She spits out a cigarette butt and lights another without skipping a beat.  
"Where's all your little friends? Keeping America free from the Defcons?"  
"Decepticons," I corrected.  
"Yeah, yeah. Where's the baldy with the yellow head? I said I'd give the little sht a fat lip to match his big mouth. No offense, hon."  
"None taken. Slingshot's working out trine maneuvers with Air Raid and Fireflight."  
"How come ain't you with them?"  
"Work problems. Nothing serious."

Maggie exhales. "Silver, honey, I'm not yet too drunk to notice that something's bothering you. A mother knows, and believe me I've popped out six brats' worth of 'knowing'. Y'wanna talk about it?'

I looked at her with renewed fascination. "Are you suggesting we engage in Psychotherapy?"  
"Sure, if y'wanna pay me eighty bucks an hour," Maggie laughed. "Just a friendly talk. Ain't nothing else to do around here anyways- 'cept that," she said, pointing to the still-shaking cars.

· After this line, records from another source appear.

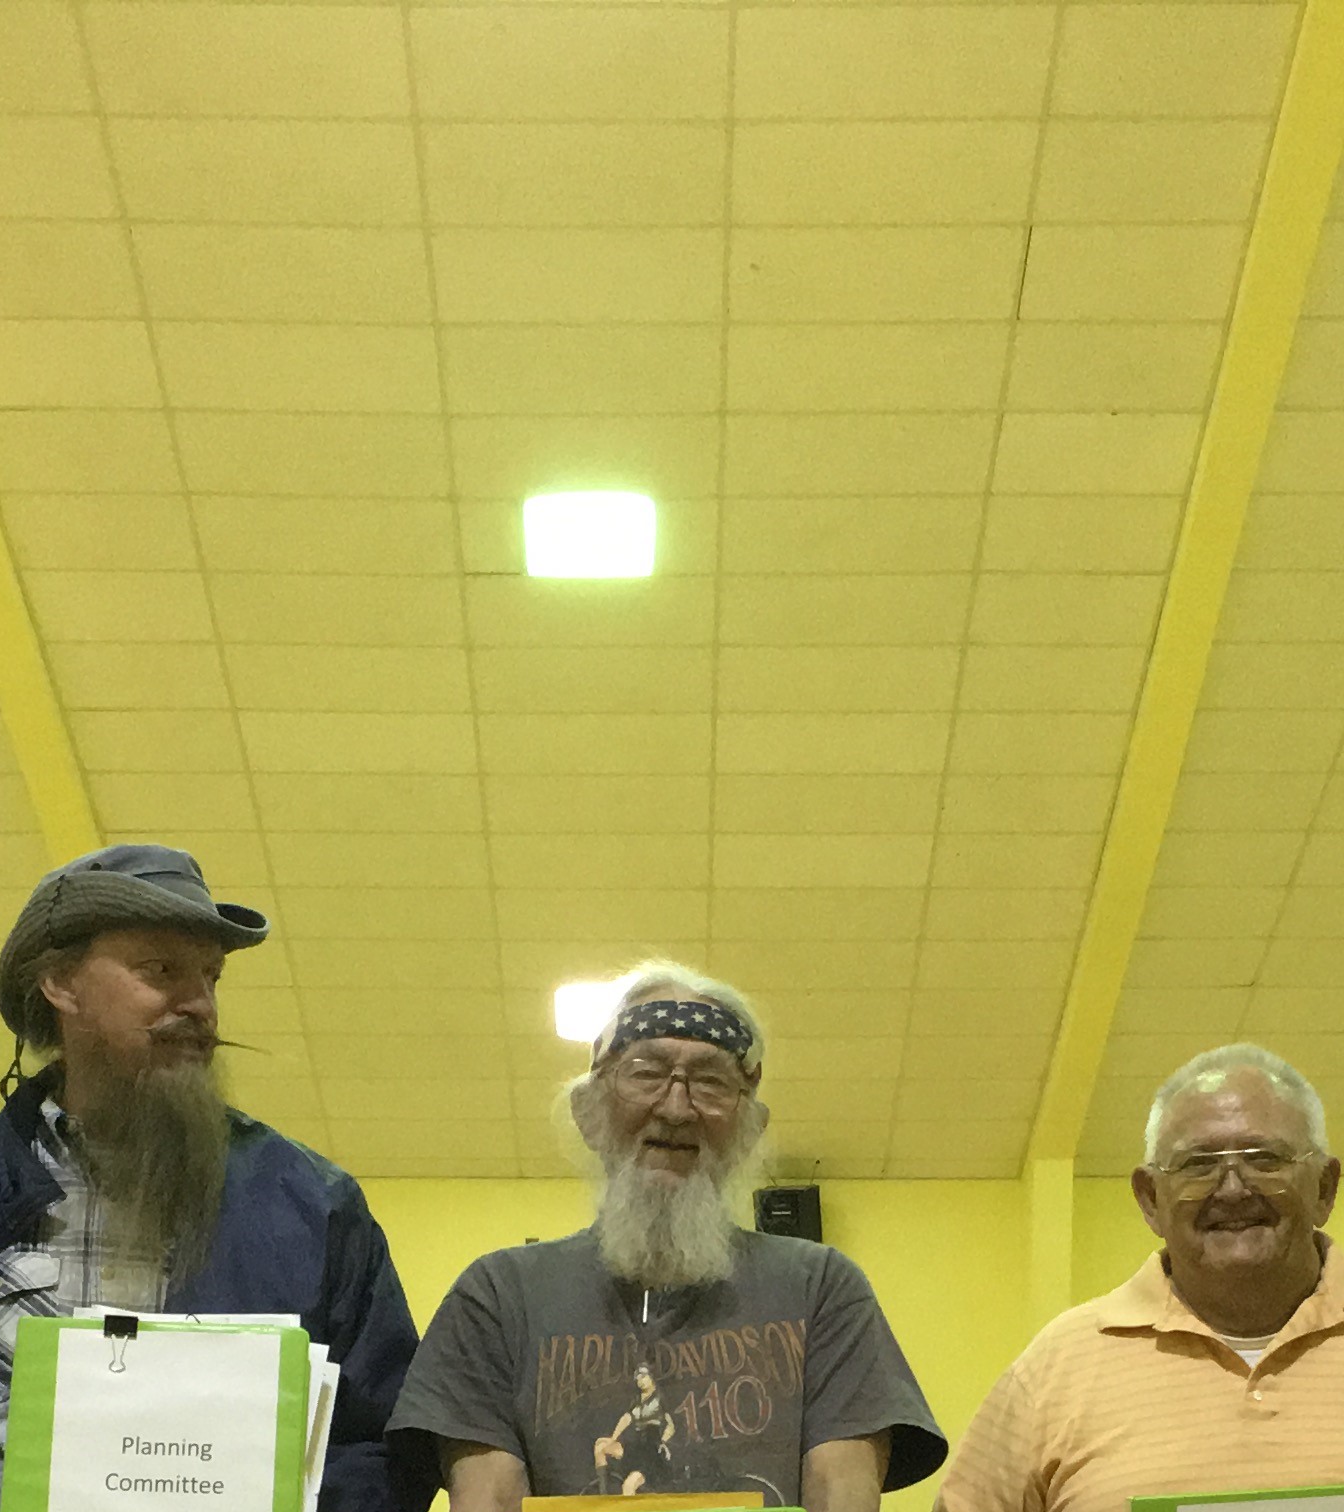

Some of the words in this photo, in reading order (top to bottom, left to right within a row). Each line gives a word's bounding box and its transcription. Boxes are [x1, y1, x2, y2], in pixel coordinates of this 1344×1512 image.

[534, 1332, 644, 1437] HARL
[674, 1374, 773, 1446] 110
[121, 1436, 213, 1462] Planning
[105, 1472, 225, 1495] Committee
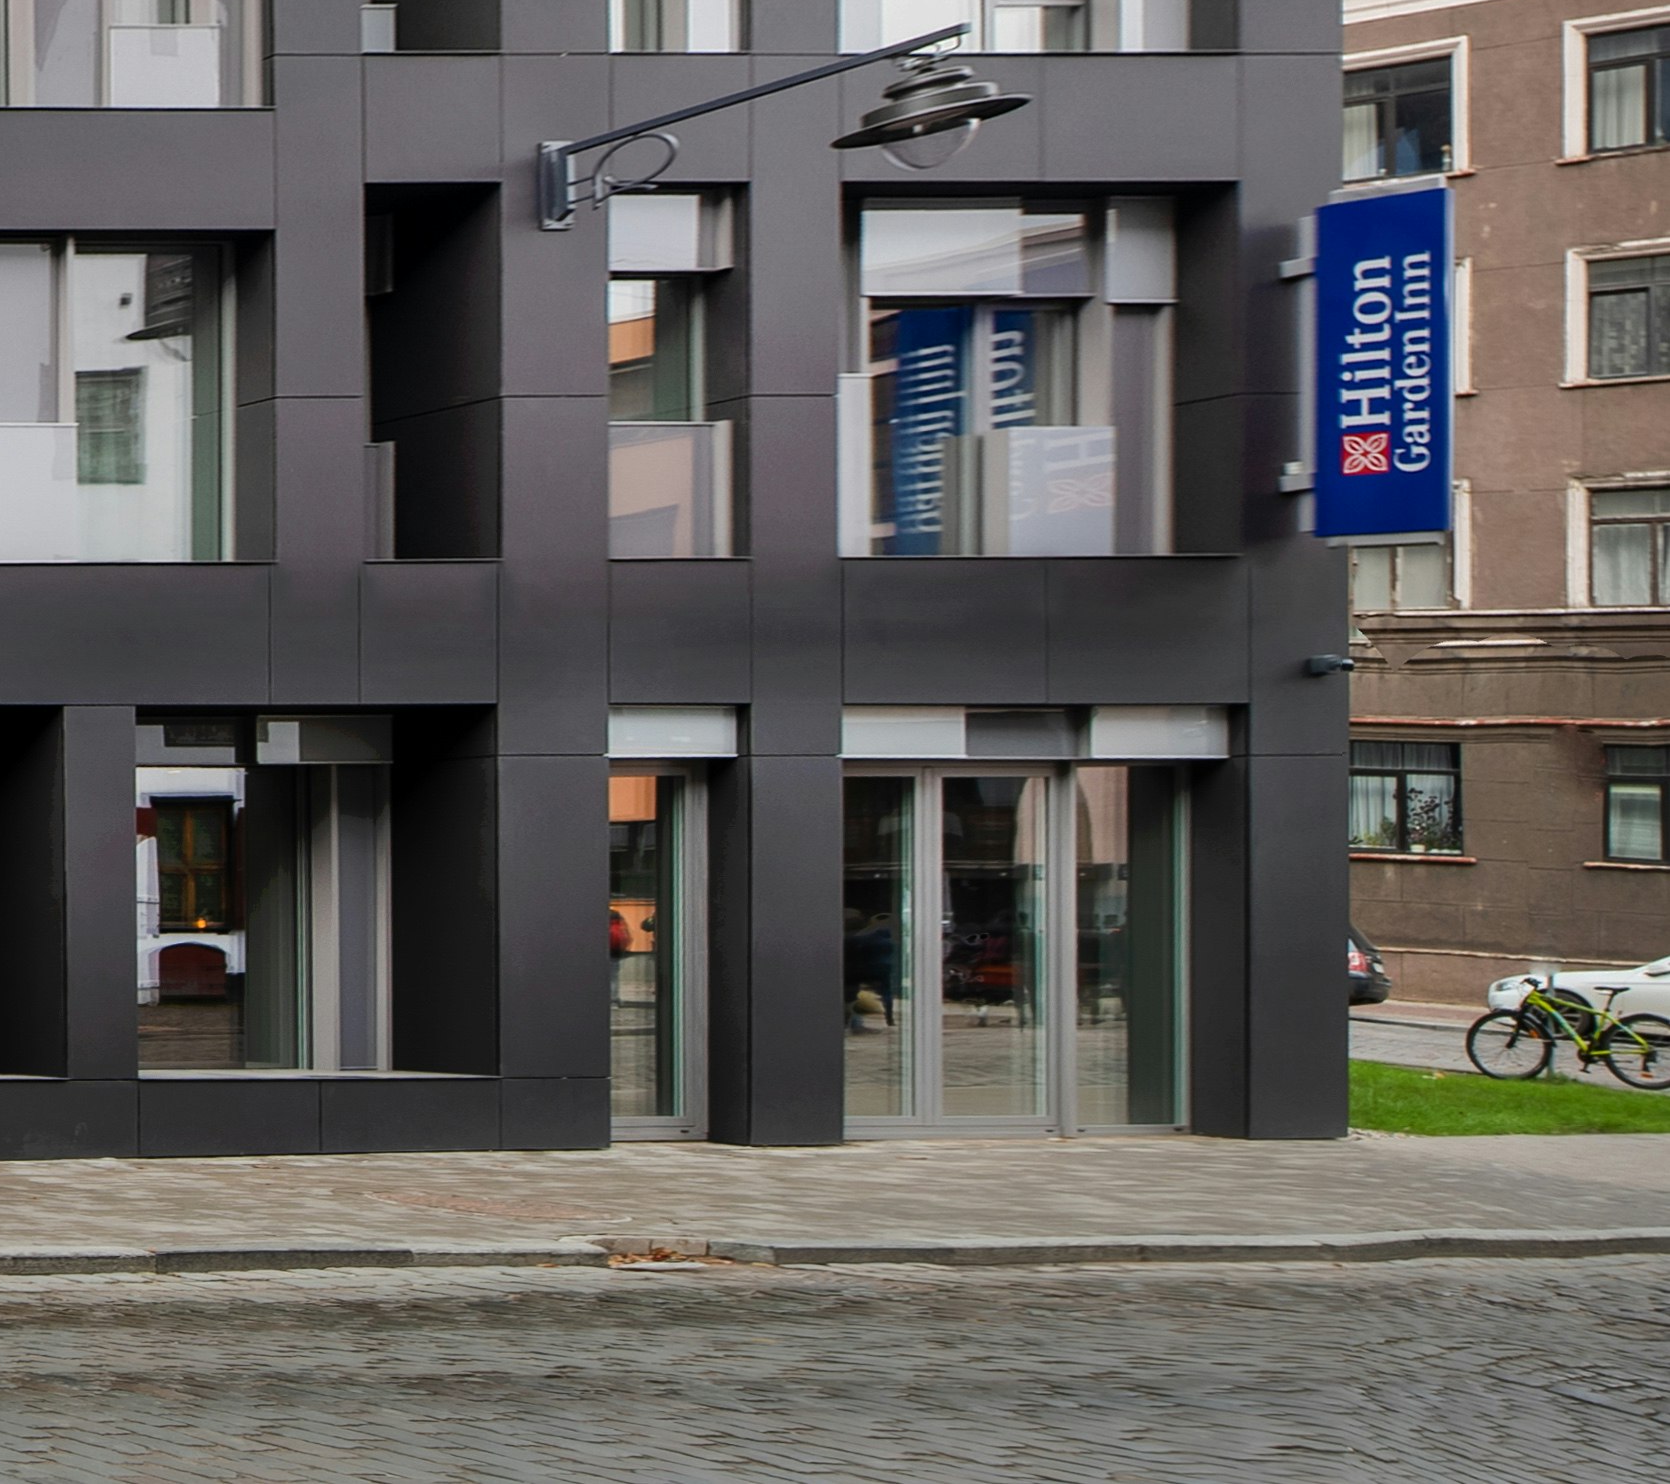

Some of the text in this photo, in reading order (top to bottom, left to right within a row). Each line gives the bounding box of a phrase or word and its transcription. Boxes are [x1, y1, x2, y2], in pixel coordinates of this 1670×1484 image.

[1340, 255, 1392, 430] Hilton
[1393, 250, 1432, 473] Garden Inn
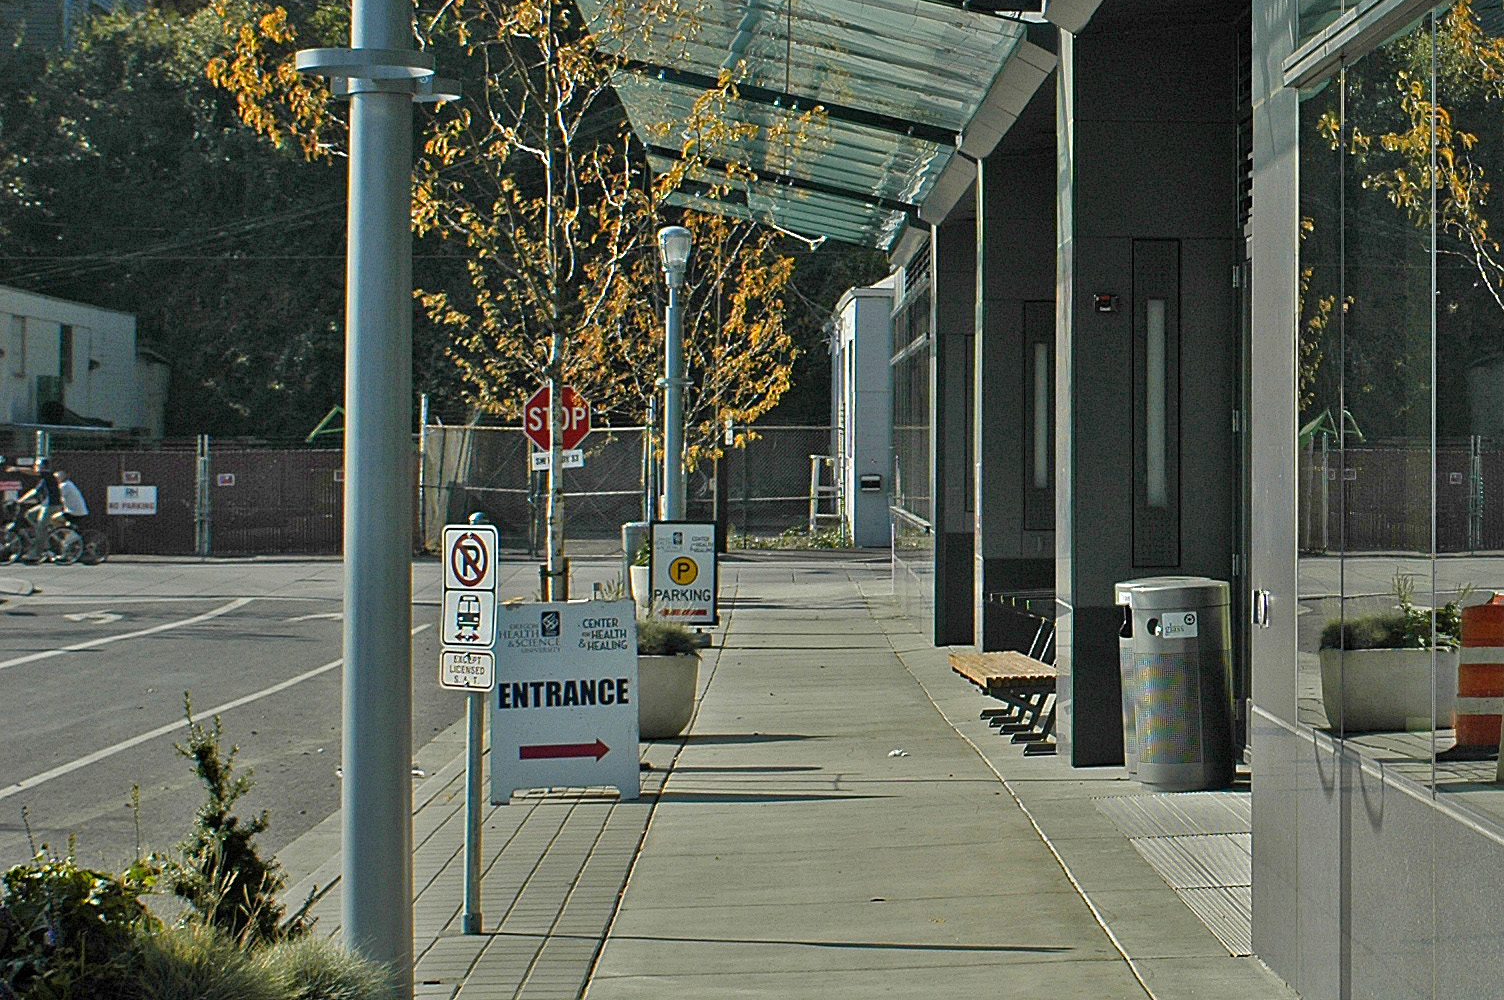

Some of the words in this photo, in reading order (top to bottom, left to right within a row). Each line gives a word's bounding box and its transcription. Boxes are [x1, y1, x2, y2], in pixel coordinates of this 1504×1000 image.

[678, 562, 690, 580] P
[653, 588, 711, 602] PARKING
[582, 617, 619, 629] CENTER
[499, 629, 539, 639] HEALTH
[591, 629, 627, 640] HEALTH
[587, 639, 628, 651] HEALING
[449, 664, 485, 675] LICENSED
[499, 679, 629, 709] ENTRANCE

I end up blurting it out: the agoraphobia, the afternoon's near-crash, Skydive's rescue, and my inability to gain the confidence of the Aerialbots- particularly Slingshot, who grows closer to open mutiny everyday. Even Optimus wouldn't approve of divulging such intimate information to a human noncombatant, but I couldn't help myself. Besides Skydive, Maggie's the closest thing I have to a friend. I needed someone stronger, and I sensed that Maggie is a strong soul, despite her frail human body. I was like the Cowardly Lion following a chain-smoking Dorothy through Oz.

If this were a movie, she'd say something insightful and wise that would help me discover a vital truth about myself. I'd probably discover that all I had to do to overcome my fear is believe in myself. Cue the moral of the day. End credits.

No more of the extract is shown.